• [GIVEN DATA]

========================================================================

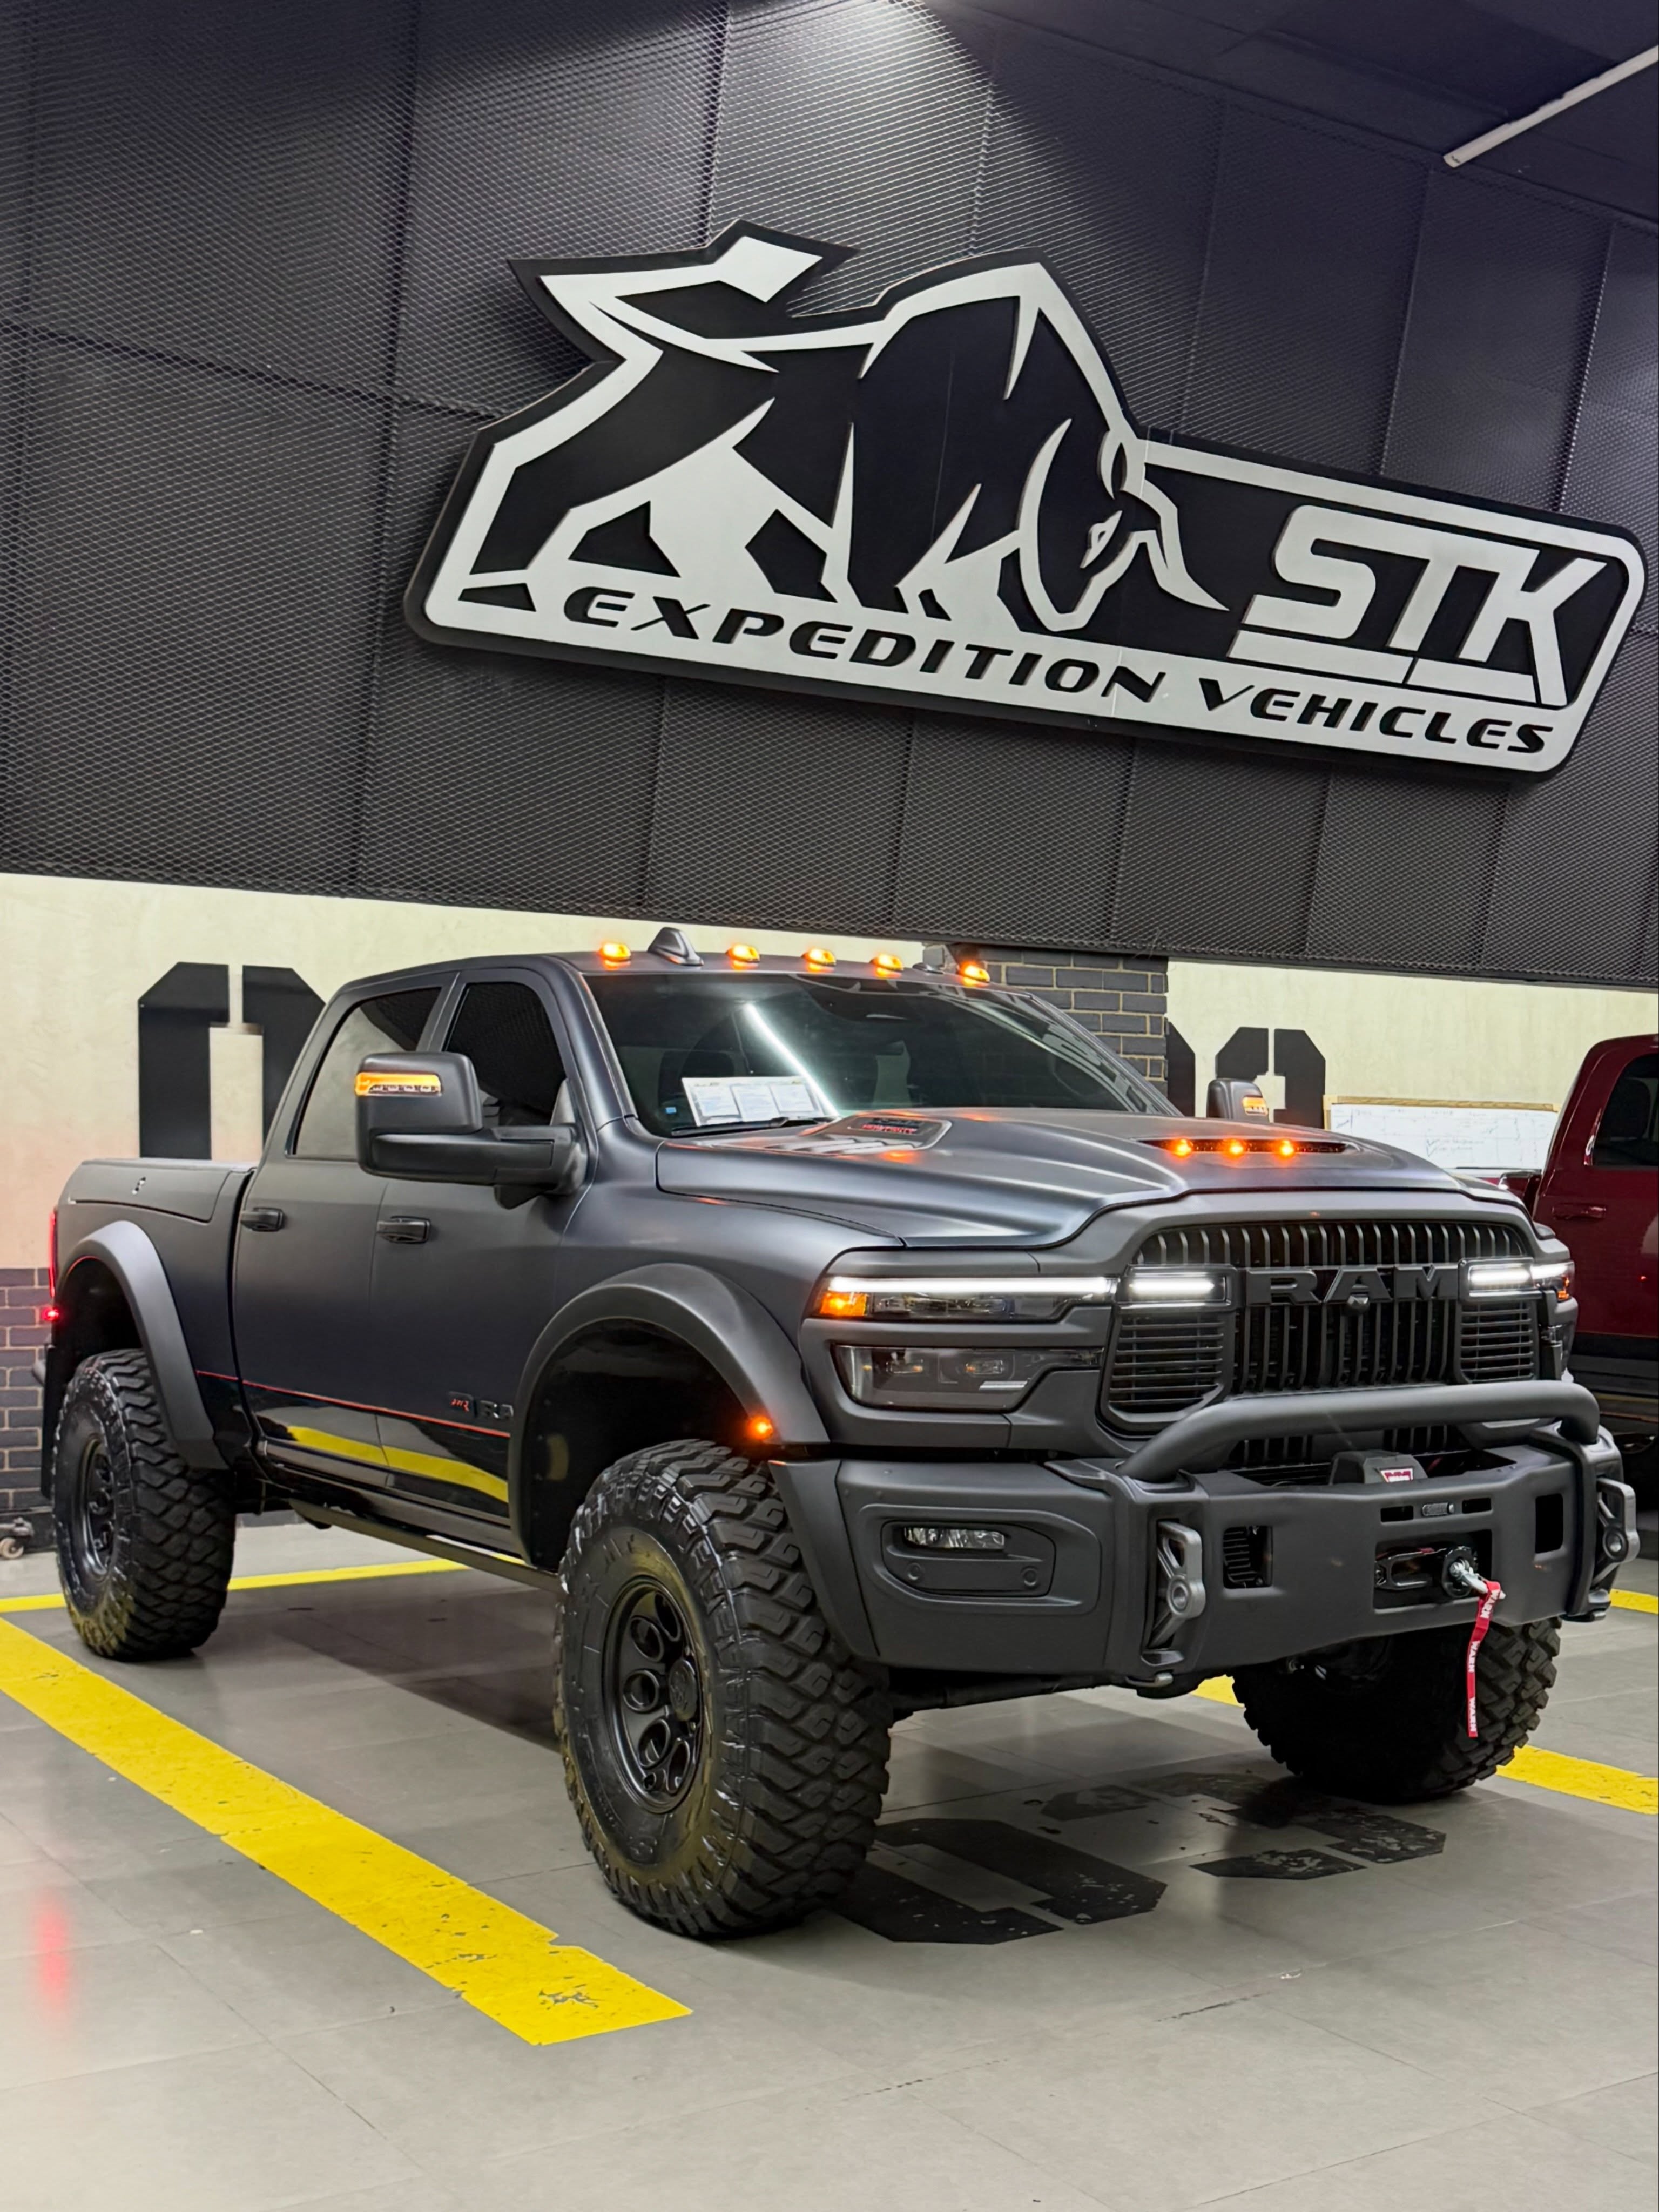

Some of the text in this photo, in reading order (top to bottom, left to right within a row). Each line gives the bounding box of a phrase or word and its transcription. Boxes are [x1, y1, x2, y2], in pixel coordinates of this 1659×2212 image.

[1242, 505, 1608, 706] STK
[563, 585, 1554, 754] EXPEDITION VEHICLES
[1246, 1264, 1459, 1306] RAM
[479, 1399, 514, 1419] RA
[1479, 1589, 1500, 1619] WARN

========================================================================

• [REQUIRED ACTION]
The full listing must come back exactly as written, with its pictures left out.

• [TASK ANSWER]
Some of the text in this photo, in reading order (top to bottom, left to right within a row). Each line gives the bounding box of a phrase or word and its transcription. Boxes are [x1, y1, x2, y2], in pixel coordinates of this 1659×2212 image.

[1242, 505, 1608, 706] STK
[563, 585, 1554, 754] EXPEDITION VEHICLES
[1246, 1264, 1459, 1306] RAM
[479, 1399, 514, 1419] RA
[1479, 1589, 1500, 1619] WARN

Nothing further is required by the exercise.